WHAT THE TASK ASKS
Please, without the pictures, restate every entry exactly.

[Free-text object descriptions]
===
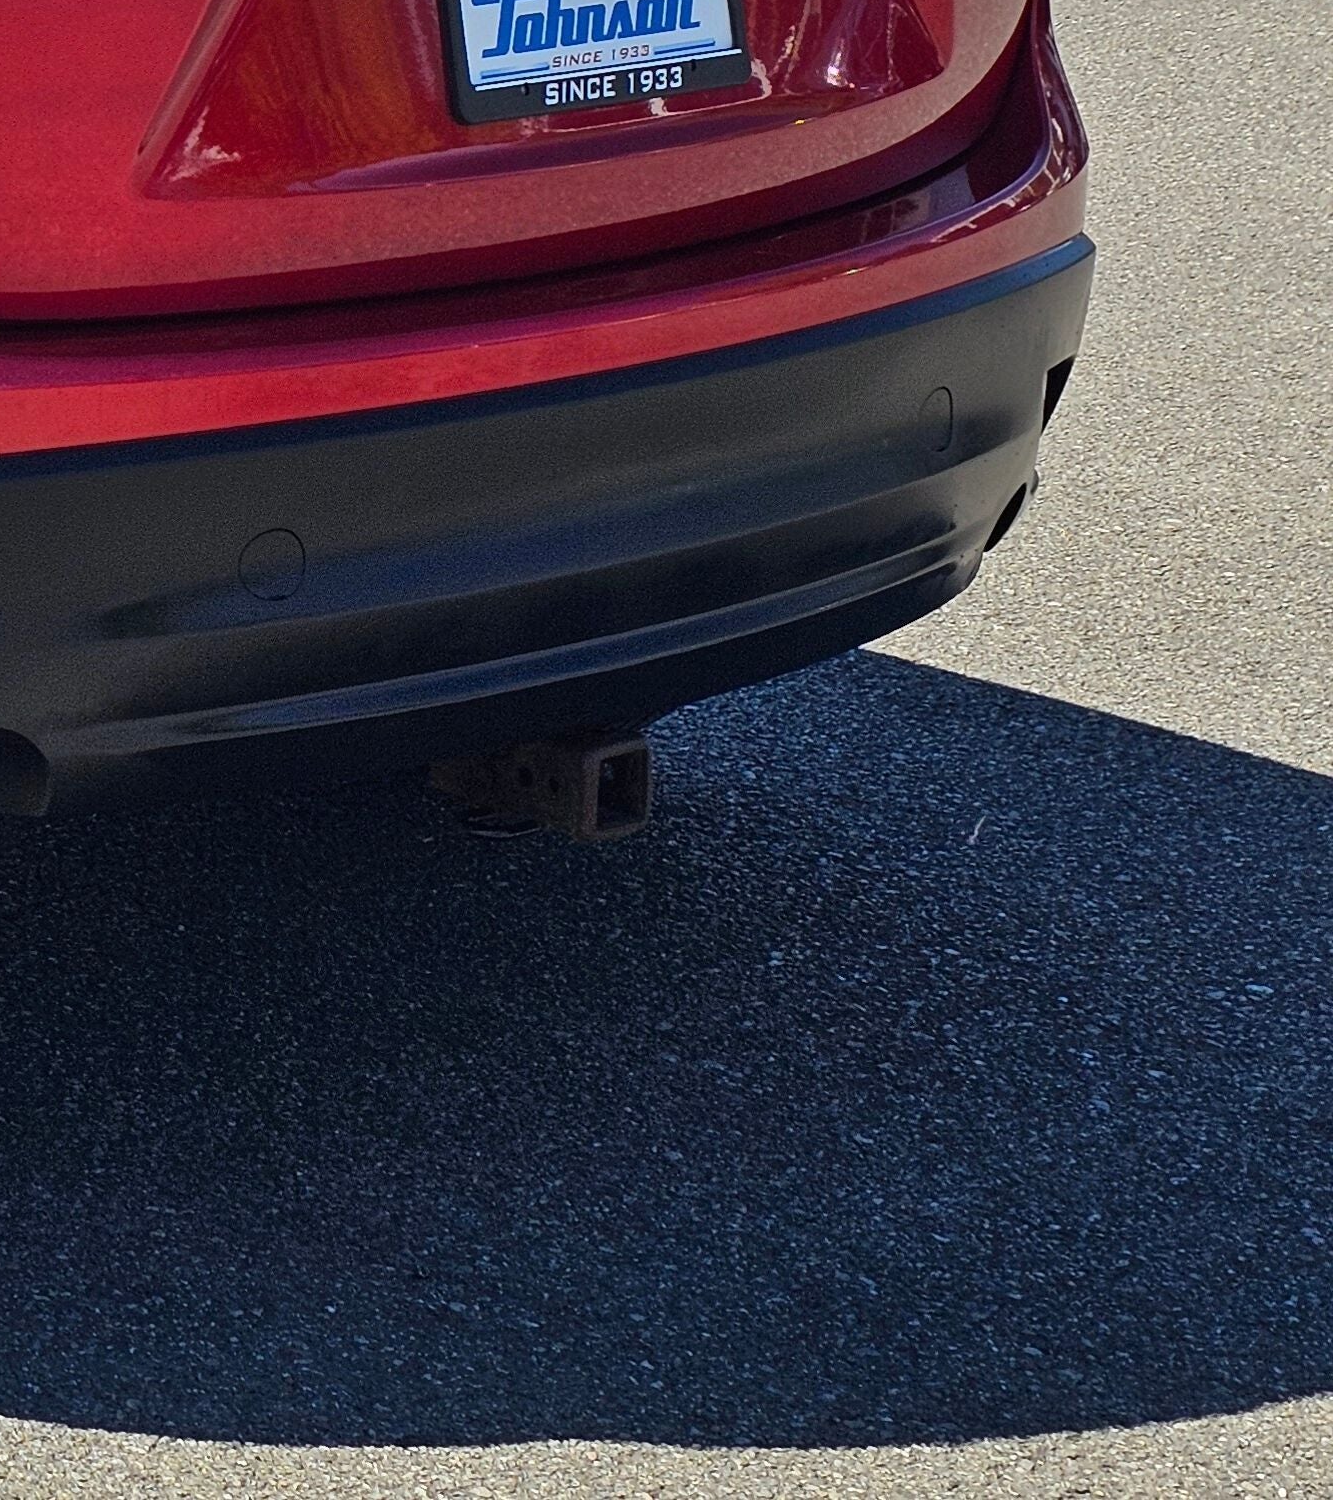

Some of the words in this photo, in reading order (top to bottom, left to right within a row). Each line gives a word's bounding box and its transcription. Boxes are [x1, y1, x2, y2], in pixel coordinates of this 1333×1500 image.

[552, 51, 603, 68] SINCE
[612, 45, 650, 61] 1933
[545, 75, 617, 105] SINCE
[628, 66, 683, 94] 1933
===
EXERCISE OUTPUT
Some of the words in this photo, in reading order (top to bottom, left to right within a row). Each line gives a word's bounding box and its transcription. Boxes are [x1, y1, x2, y2], in pixel coordinates of this 1333×1500 image.

[552, 51, 603, 68] SINCE
[612, 45, 650, 61] 1933
[545, 75, 617, 105] SINCE
[628, 66, 683, 94] 1933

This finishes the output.